WEDNESDAY, March 18 (HealthDay News) -- A newly developed guideline may help determine which infants with obstetrical brachial plexus injury (OBPI) would benefit from surgery, according to a study in the March issue of the Journal of Neurosurgery: Pediatrics.
From a review of the medical literature, James R. Bain, M.D., and colleagues from McMaster Children's Hospital in Hamilton, Ontario, Canada found that 47 to 89 percent of infants with OBPI fell within a gray zone, where it was unclear whether they would benefit from surgery. The recovery rate within the gray zone was 9 to 59 percent. The authors then prospectively evaluated outcomes in 75 infants with OBPI treated at their institution.

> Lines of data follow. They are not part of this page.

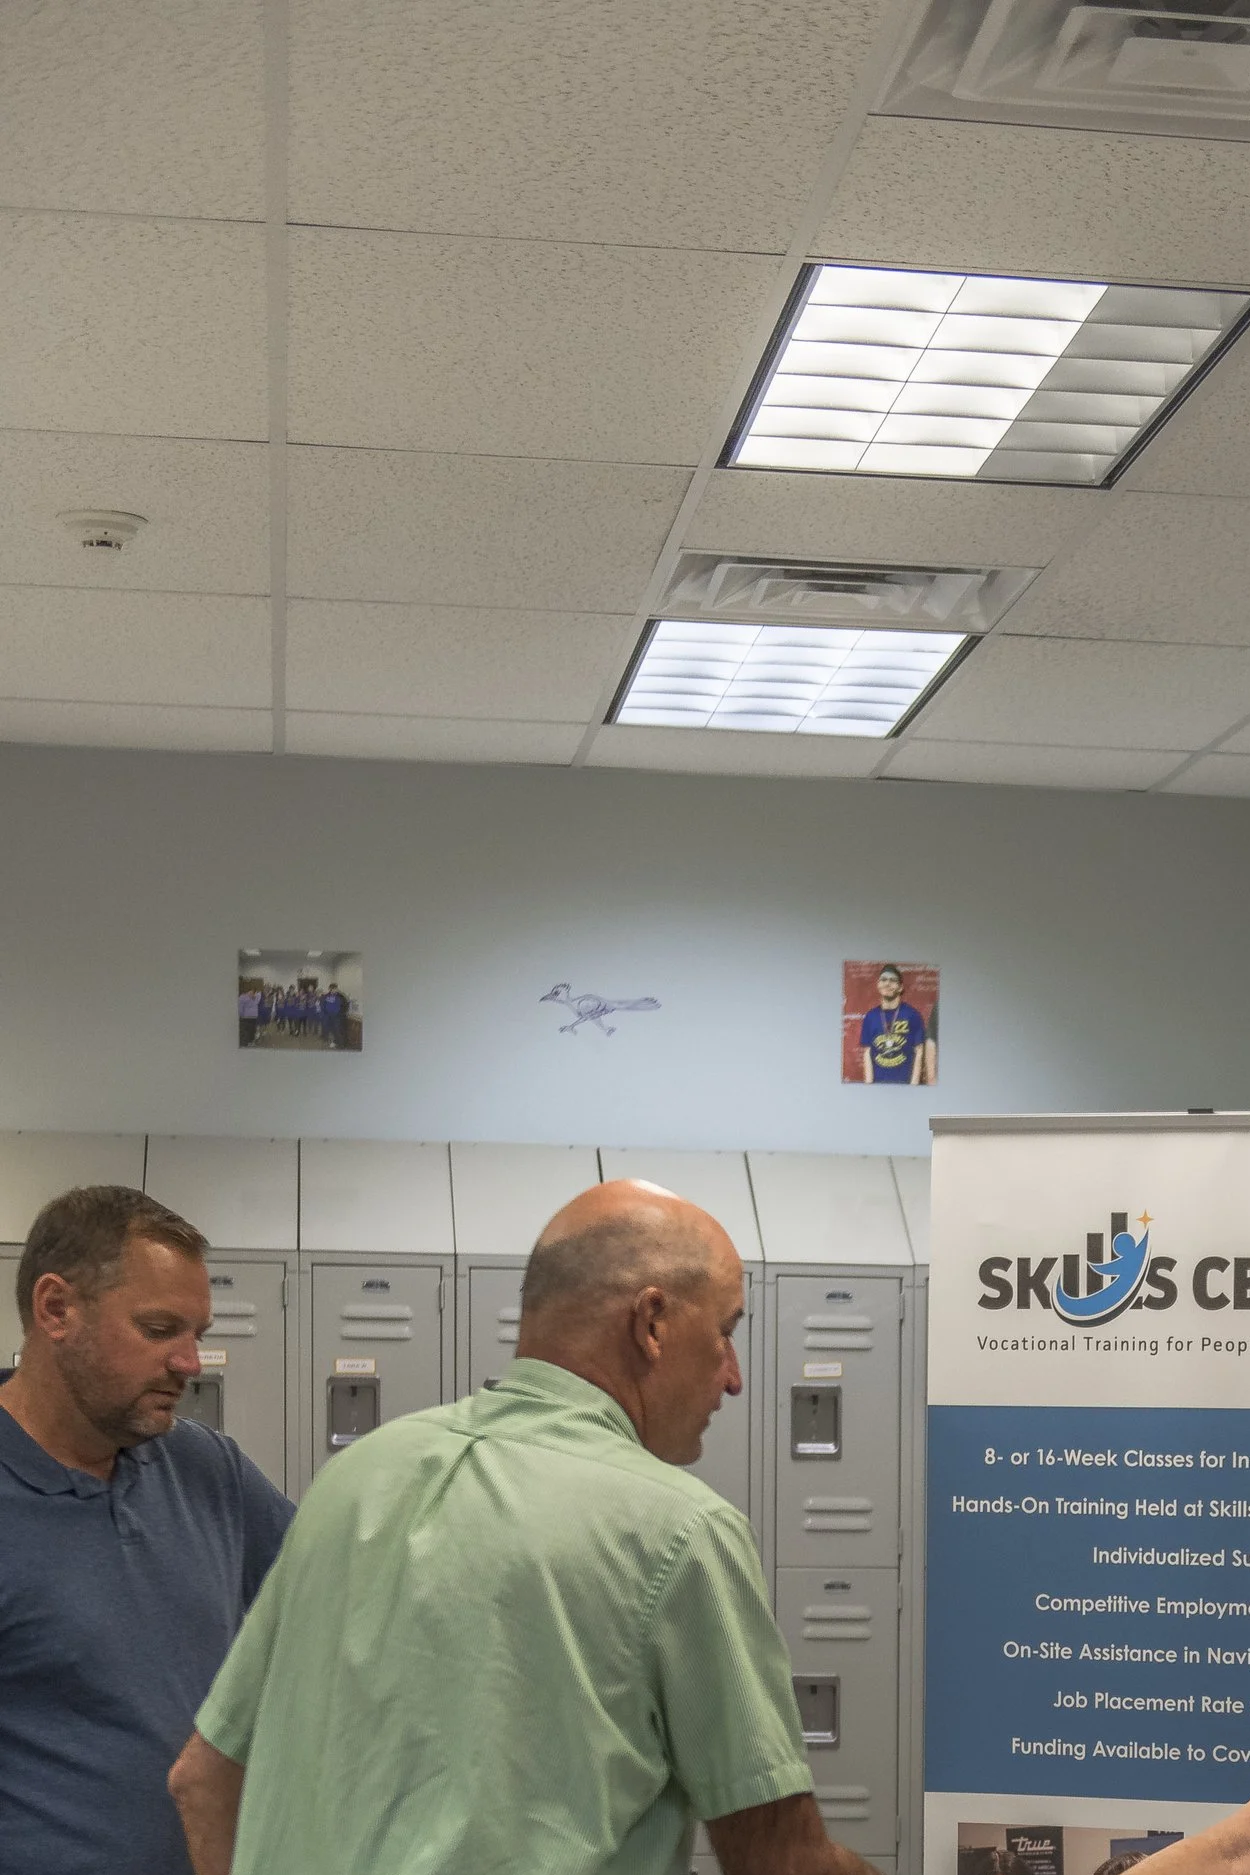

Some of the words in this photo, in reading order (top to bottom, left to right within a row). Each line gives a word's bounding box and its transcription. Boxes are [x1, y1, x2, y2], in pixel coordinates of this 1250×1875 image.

[977, 1336, 1074, 1350] Vocational
[1084, 1337, 1158, 1355] Training
[1167, 1336, 1193, 1351] for
[985, 1448, 1003, 1464] 8-
[1011, 1453, 1029, 1465] or
[1037, 1449, 1118, 1466] 16-Week
[1124, 1450, 1193, 1467] Classes
[1200, 1451, 1225, 1468] for
[953, 1496, 1049, 1513] Hands-On
[1056, 1498, 1128, 1519] Training
[1136, 1499, 1176, 1516] Held
[1184, 1500, 1203, 1516] at
[1094, 1547, 1224, 1566] Individualized
[1036, 1594, 1150, 1615] Competitive
[1004, 1642, 1072, 1659] On-Site
[1079, 1644, 1177, 1662] Assistance
[1184, 1647, 1199, 1663] in
[1054, 1691, 1087, 1708] Job
[1095, 1693, 1194, 1711] Placement
[1202, 1696, 1244, 1713] Rate
[1012, 1739, 1085, 1760] Funding
[1093, 1741, 1180, 1760] Available
[1187, 1744, 1205, 1761] to

The researchers found that 81 percent of infants were in the gray zone at one month of age and 44 percent of these fully recovered. They developed a guideline for surgical intervention for these gray zone patients based on monthly Active Movement Scale cutoff scores for at least two movements: elbow flexion (biceps), shoulder abduction, external rotation shoulder flexion, and wrist extension. Mean scores for the surgery and non-surgery groups differed for elbow flexion and external rotation at three months, while the two groups differed for shoulder abduction and flexion at six months.
"There is compelling evidence that there is a group of infants in whom the present evidence and criteria for surgery do not provide a clear path for decision-making as to the need for surgical intervention," Bain and colleagues conclude. "The guideline presented in this paper provides another framework for decision-making that includes other areas in addition to biceps recovery or elbow function."